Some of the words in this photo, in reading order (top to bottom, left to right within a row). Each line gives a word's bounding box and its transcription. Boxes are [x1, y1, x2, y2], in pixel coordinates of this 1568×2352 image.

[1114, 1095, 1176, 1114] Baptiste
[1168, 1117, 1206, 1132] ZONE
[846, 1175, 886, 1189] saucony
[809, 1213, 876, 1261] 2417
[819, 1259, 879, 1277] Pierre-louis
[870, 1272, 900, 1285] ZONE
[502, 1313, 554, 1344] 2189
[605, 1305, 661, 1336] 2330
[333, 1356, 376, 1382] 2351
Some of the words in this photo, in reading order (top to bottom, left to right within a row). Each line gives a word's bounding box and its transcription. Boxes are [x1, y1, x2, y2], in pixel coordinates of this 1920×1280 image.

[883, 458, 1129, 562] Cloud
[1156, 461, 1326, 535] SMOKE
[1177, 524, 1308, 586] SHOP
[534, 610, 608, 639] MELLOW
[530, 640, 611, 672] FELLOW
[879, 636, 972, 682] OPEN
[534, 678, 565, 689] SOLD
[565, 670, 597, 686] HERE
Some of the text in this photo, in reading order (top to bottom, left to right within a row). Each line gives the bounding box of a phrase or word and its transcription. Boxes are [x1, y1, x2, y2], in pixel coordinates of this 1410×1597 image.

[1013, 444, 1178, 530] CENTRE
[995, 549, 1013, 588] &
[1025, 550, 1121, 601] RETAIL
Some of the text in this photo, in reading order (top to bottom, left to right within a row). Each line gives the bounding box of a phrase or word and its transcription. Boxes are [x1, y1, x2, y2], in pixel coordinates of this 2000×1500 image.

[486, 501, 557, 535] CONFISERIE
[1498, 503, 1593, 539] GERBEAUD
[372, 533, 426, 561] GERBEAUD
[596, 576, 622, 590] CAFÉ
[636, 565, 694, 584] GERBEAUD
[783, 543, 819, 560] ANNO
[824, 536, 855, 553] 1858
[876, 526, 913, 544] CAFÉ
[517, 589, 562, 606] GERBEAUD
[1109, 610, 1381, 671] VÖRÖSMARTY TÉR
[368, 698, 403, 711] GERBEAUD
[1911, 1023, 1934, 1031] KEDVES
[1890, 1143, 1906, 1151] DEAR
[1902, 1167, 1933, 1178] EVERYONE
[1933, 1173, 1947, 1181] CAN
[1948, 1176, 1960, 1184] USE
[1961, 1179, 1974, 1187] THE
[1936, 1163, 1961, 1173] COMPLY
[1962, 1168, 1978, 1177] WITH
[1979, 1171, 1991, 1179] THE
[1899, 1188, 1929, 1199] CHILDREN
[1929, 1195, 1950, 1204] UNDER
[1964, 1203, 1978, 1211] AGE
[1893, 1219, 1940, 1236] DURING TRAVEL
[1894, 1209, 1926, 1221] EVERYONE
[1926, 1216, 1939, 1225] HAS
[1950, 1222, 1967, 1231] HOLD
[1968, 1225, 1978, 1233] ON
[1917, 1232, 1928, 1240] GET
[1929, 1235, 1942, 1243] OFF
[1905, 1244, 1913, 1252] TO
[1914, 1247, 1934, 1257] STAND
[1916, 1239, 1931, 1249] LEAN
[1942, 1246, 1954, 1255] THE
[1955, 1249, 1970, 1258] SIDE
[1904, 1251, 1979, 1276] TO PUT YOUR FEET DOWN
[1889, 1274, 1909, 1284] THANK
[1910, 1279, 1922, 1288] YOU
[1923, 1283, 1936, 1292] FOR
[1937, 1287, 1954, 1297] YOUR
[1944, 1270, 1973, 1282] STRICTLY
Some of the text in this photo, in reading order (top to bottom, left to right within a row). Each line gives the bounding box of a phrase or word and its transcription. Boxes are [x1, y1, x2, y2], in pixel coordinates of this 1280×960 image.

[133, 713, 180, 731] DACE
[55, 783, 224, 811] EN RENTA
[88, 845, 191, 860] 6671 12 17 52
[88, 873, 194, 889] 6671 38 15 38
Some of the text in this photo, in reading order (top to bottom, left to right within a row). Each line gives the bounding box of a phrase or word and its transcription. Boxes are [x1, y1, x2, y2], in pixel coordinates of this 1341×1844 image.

#### Problem statement:
The response should be every record above restated exactly.

#### Solved exercise:
Some of the words in this photo, in reading order (top to bottom, left to right within a row). Each line gives a word's bounding box and its transcription. Boxes are [x1, y1, x2, y2], in pixel coordinates of this 1568×2352 image.

[1114, 1095, 1176, 1114] Baptiste
[1168, 1117, 1206, 1132] ZONE
[846, 1175, 886, 1189] saucony
[809, 1213, 876, 1261] 2417
[819, 1259, 879, 1277] Pierre-louis
[870, 1272, 900, 1285] ZONE
[502, 1313, 554, 1344] 2189
[605, 1305, 661, 1336] 2330
[333, 1356, 376, 1382] 2351
Some of the words in this photo, in reading order (top to bottom, left to right within a row). Each line gives a word's bounding box and its transcription. Boxes are [x1, y1, x2, y2], in pixel coordinates of this 1920×1280 image.

[883, 458, 1129, 562] Cloud
[1156, 461, 1326, 535] SMOKE
[1177, 524, 1308, 586] SHOP
[534, 610, 608, 639] MELLOW
[530, 640, 611, 672] FELLOW
[879, 636, 972, 682] OPEN
[534, 678, 565, 689] SOLD
[565, 670, 597, 686] HERE
Some of the text in this photo, in reading order (top to bottom, left to right within a row). Each line gives the bounding box of a phrase or word and its transcription. Boxes are [x1, y1, x2, y2], in pixel coordinates of this 1410×1597 image.

[1013, 444, 1178, 530] CENTRE
[995, 549, 1013, 588] &
[1025, 550, 1121, 601] RETAIL
Some of the text in this photo, in reading order (top to bottom, left to right within a row). Each line gives the bounding box of a phrase or word and its transcription. Boxes are [x1, y1, x2, y2], in pixel coordinates of this 2000×1500 image.

[486, 501, 557, 535] CONFISERIE
[1498, 503, 1593, 539] GERBEAUD
[372, 533, 426, 561] GERBEAUD
[596, 576, 622, 590] CAFÉ
[636, 565, 694, 584] GERBEAUD
[783, 543, 819, 560] ANNO
[824, 536, 855, 553] 1858
[876, 526, 913, 544] CAFÉ
[517, 589, 562, 606] GERBEAUD
[1109, 610, 1381, 671] VÖRÖSMARTY TÉR
[368, 698, 403, 711] GERBEAUD
[1911, 1023, 1934, 1031] KEDVES
[1890, 1143, 1906, 1151] DEAR
[1902, 1167, 1933, 1178] EVERYONE
[1933, 1173, 1947, 1181] CAN
[1948, 1176, 1960, 1184] USE
[1961, 1179, 1974, 1187] THE
[1936, 1163, 1961, 1173] COMPLY
[1962, 1168, 1978, 1177] WITH
[1979, 1171, 1991, 1179] THE
[1899, 1188, 1929, 1199] CHILDREN
[1929, 1195, 1950, 1204] UNDER
[1964, 1203, 1978, 1211] AGE
[1893, 1219, 1940, 1236] DURING TRAVEL
[1894, 1209, 1926, 1221] EVERYONE
[1926, 1216, 1939, 1225] HAS
[1950, 1222, 1967, 1231] HOLD
[1968, 1225, 1978, 1233] ON
[1917, 1232, 1928, 1240] GET
[1929, 1235, 1942, 1243] OFF
[1905, 1244, 1913, 1252] TO
[1914, 1247, 1934, 1257] STAND
[1916, 1239, 1931, 1249] LEAN
[1942, 1246, 1954, 1255] THE
[1955, 1249, 1970, 1258] SIDE
[1904, 1251, 1979, 1276] TO PUT YOUR FEET DOWN
[1889, 1274, 1909, 1284] THANK
[1910, 1279, 1922, 1288] YOU
[1923, 1283, 1936, 1292] FOR
[1937, 1287, 1954, 1297] YOUR
[1944, 1270, 1973, 1282] STRICTLY
Some of the text in this photo, in reading order (top to bottom, left to right within a row). Each line gives the bounding box of a phrase or word and its transcription. Boxes are [x1, y1, x2, y2], in pixel coordinates of this 1280×960 image.

[133, 713, 180, 731] DACE
[55, 783, 224, 811] EN RENTA
[88, 845, 191, 860] 6671 12 17 52
[88, 873, 194, 889] 6671 38 15 38
Some of the text in this photo, in reading order (top to bottom, left to right within a row). Each line gives the bounding box of a phrase or word and its transcription. Boxes are [x1, y1, x2, y2], in pixel coordinates of this 1341×1844 image.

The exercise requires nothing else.